Inboden: Yeah, and I don’t you know how much time we have here, but we haven’t yet talked about Patty’s hair and how important that is to the whole journey of the show. A lot of hair. And my hairdresser, named Kristen, is a full Boston local and, again, if I ever started to feel like Patty had left the building, I’d just go to talk to Kristen and she was right back. It’s an attitude; it’s an accent.
Petersen: It’s a lifestyle.
Inboden: So it was just so good to be with them. I think that the show would have suffered a lot had we, say, shot it in Los Angeles and pretended we were in Worcester. I don’t think it would work.
Can you tell us a little about Patty’s hair journey?
Inboden: Patty’s hair journey is very important to me.
Petersen: Mary Hollis is so happy right now, talking about this.
Inboden: I thought you’d never ask.
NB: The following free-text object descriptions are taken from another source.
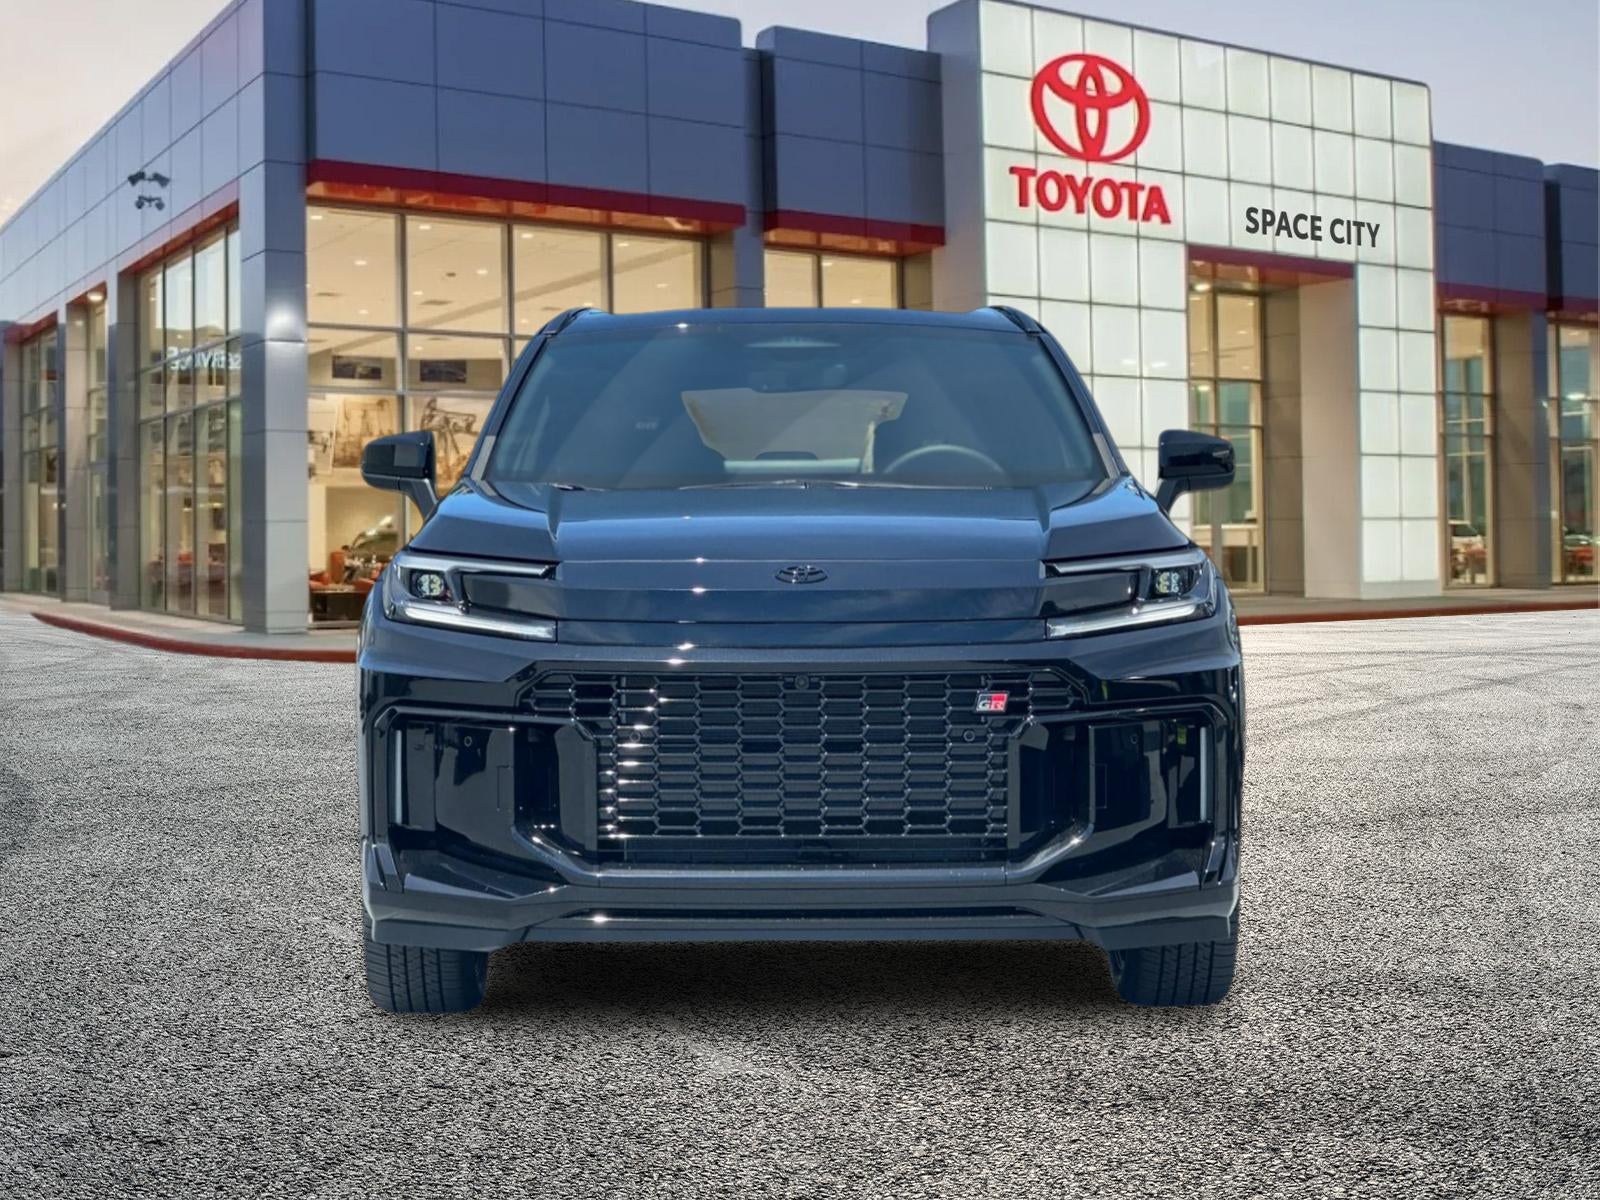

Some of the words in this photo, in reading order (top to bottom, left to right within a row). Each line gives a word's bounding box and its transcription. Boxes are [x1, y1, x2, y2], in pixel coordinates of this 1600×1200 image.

[1009, 166, 1171, 224] TOYOTA
[1245, 206, 1322, 242] SPACE
[1329, 218, 1381, 248] CITY
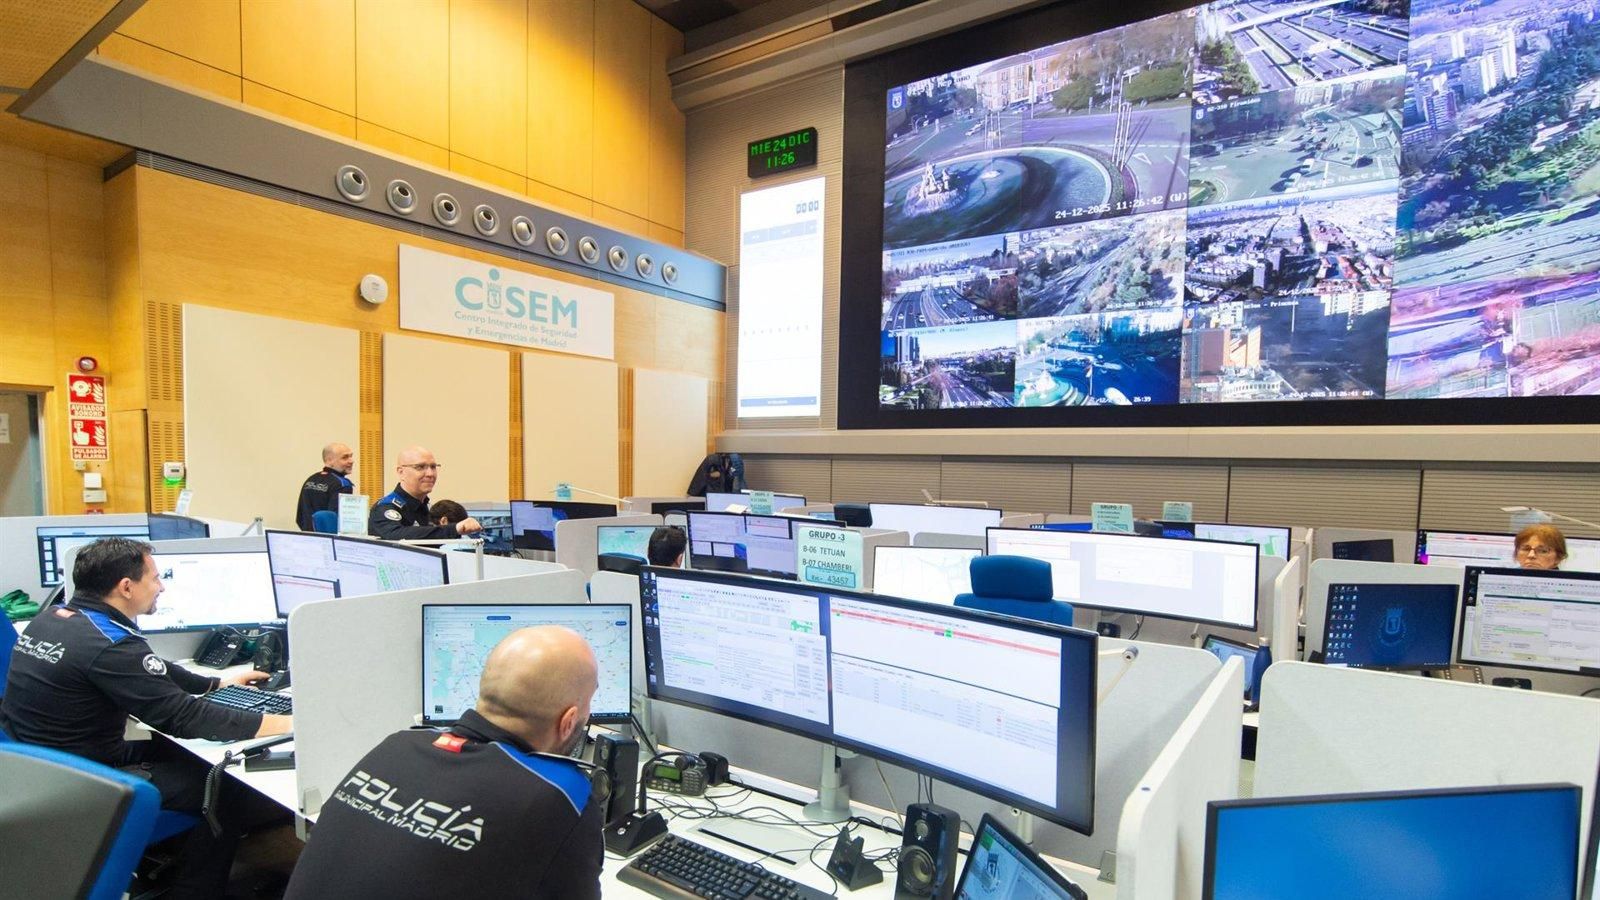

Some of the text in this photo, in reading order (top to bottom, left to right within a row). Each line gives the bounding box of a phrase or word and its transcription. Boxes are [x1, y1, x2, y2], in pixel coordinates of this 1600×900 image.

[751, 132, 810, 156] MIE 24 DIC
[767, 151, 795, 169] 11:26
[1055, 203, 1111, 219] 24-12-2025
[1116, 195, 1163, 210] 11:26:42
[454, 310, 577, 338] Centro Integrado de Seguridad
[467, 326, 567, 347] y Emergencias de Madrid
[71, 404, 104, 412] AVISADOR
[808, 530, 846, 541] GRUPO -3
[803, 545, 846, 557] B-06 TETUAN
[802, 558, 816, 567] B-07
[827, 576, 849, 584] 43457
[344, 770, 485, 842] POLICÍA
[334, 789, 476, 851] MUNICIPAL MADRID
Sorry, Eric.
Petersen: I’ll just go — thanks so much, it was great talking with you!
Inboden: All jokes aside, when I read the script, Patty, she was described as somebody who thinks Foxwoods Casino is the perfect place for vacation. She’s a hairdresser, so she’s done up, but she’s dated. And I think one of the interesting things that Kevin Can F**K Himself does is in the multi-cam, that hair doesn’t look as severe as it does in the single cam. And so it’s a good way into looking at things differently.
I think it looks fabulous in the multi-cam, because it’s shot from far away, and then outside, you realize that what she’s actually done is she’s created armor for herself. It comes in her clothes, she’s constantly got tons of layers between her and the outside world, the hair is thick and big. The liner is a lot, you know, the makeup is way too intense. As we see, as Patty develops her relationship with Allison, her friendship, and becomes more comfortable with herself, that armor starts to fall away. So I think it’s — Yes, I’ll talk about my hair all day long. It’s truly an important piece of the aesthetic of the show.
To bring Eric back in, I’m hoping you can talk about…
Petersen: Let’s talk about Kevin’s hair. No, ask your question, I apologize.
What’s been your favorite of Kevin’s arcs so far? I have to say, I was honestly really into his escape room.
Inboden: I love that episode.
Petersen: That might be one of my favorite episodes. I think that Kevin has a true sitcom arc in that — we’ll go to sitcom class for a second here. I think the thing that we love about sitcoms is that they feel familiar and safe, right? In most dramas, you have a character who starts here and ends in a different place. They’ve been emotionally changed, they’ve grown or they’ve not but they’ve changed in some way, positive or negative. But the reason that we like sitcoms is because we know the characters and they are in different situations every time. So we know Kramer is always going to act that way, Norm’s always gonna say this, we always know that Lucy’s gonna react this way. But we just want to see it happen because we like the characters. So I think that Kevin, he falls into that — he doesn’t change very much. He might have a minute of approaching growth, and then he’s like, “Nah, nah, nah, nah, I’m gonna stay right here. This is what I like and this is where I feel comfortable.” So it was fun to do that. But it was definitely more a traditional sitcom non-arc, or maybe an arc back to itself.
Inboden: So well said.
It was a perfect class, thank you.
Petersen: Papers are due by Friday.
Created by Valerie Armstrong, Kevin Can F**K Himself stars Annie Murphy, Mary Hollis Inboden and Eric Petersen. The series premieres Sunday, June 13 at 9:00 p.m. ET/PT on AMC.